Last week, Moore participated in Ole Miss Day for Professionalism. He ran a record time of 4.32 seconds for the 40-yard dash, which could make him a first-round pick in the NFL draft.

I’ll be very honest with you, Moore says, after [the urination incident] I had no idea what was going to happen next. I just knew what to do. I put my head down and continued to work, praying and leaving everything to God.

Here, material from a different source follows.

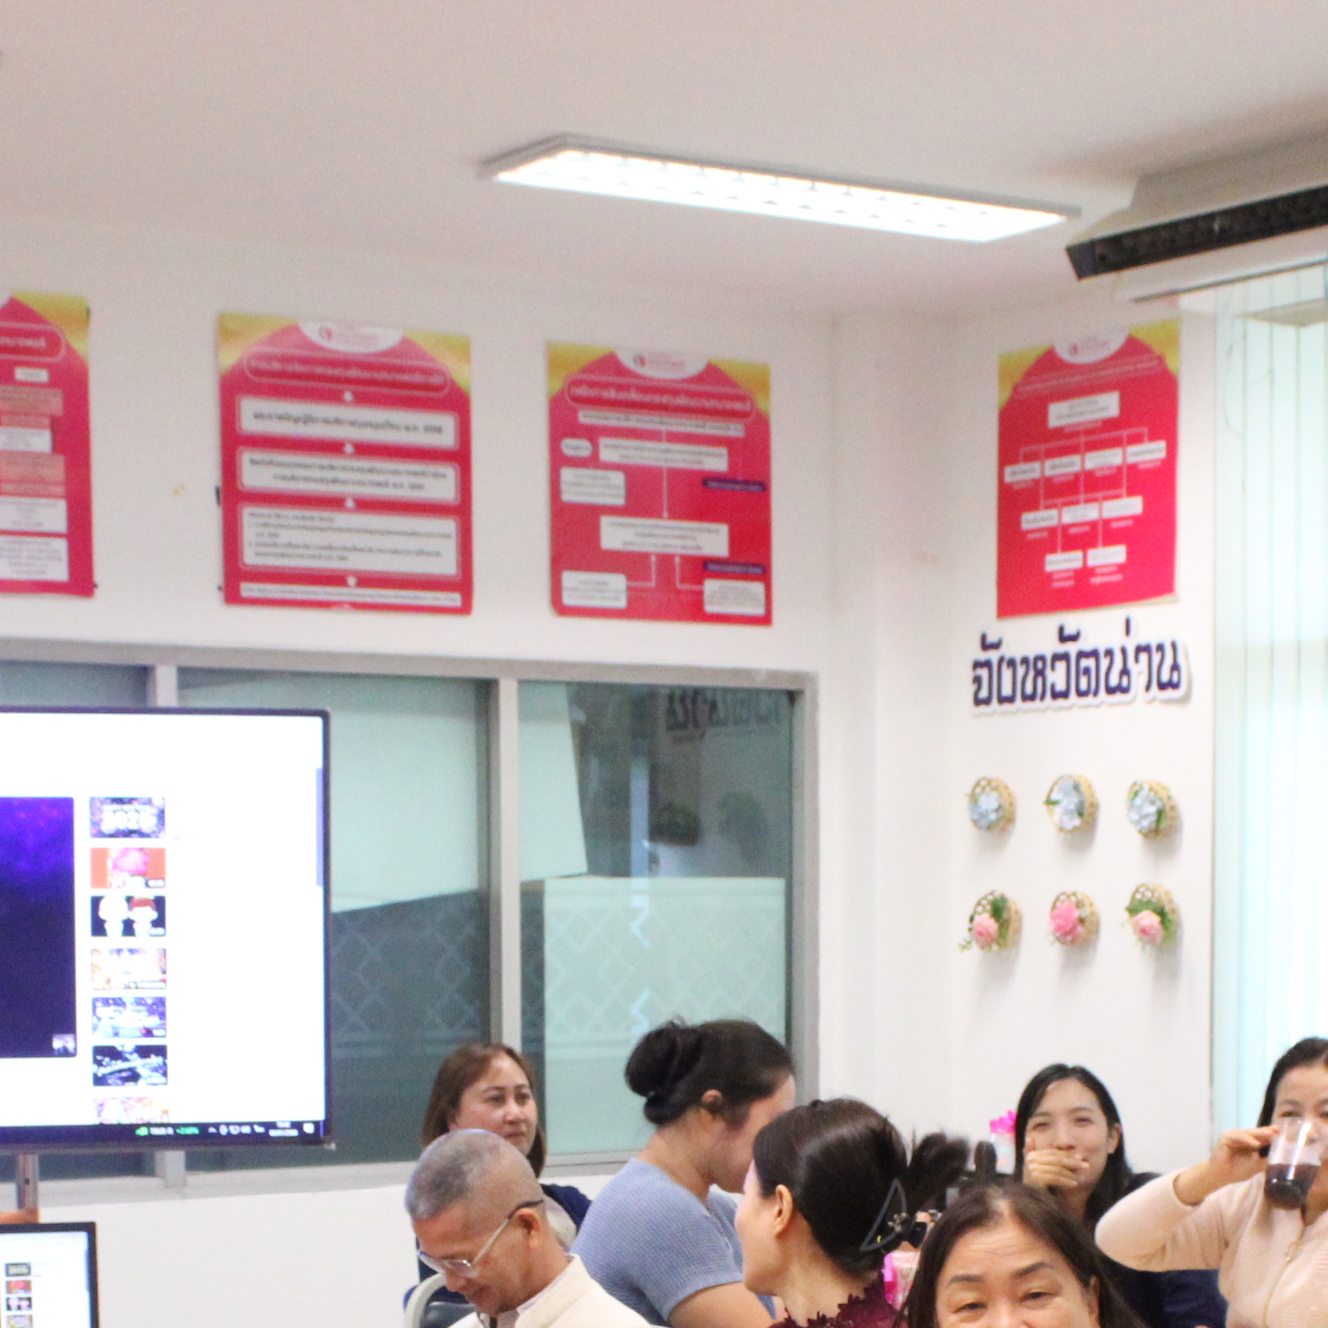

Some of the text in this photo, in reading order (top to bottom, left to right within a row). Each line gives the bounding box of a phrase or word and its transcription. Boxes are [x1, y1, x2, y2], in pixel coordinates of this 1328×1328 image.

[972, 616, 1182, 706] จังหวัดน่าน

Moore said every team he spoke with asked him about the incident, but it wasn’t a major part of the conversation. He says it has made him a better person and a better player. He thinks the same about Wilson: Four months after the accident, Wilson is mentally strong and healthy.

Marco is going to kill his pro, Moore said. You’re looking. He’s going to crush her.

I think if he makes it to the league, he’ll get three times as many points as he did in college.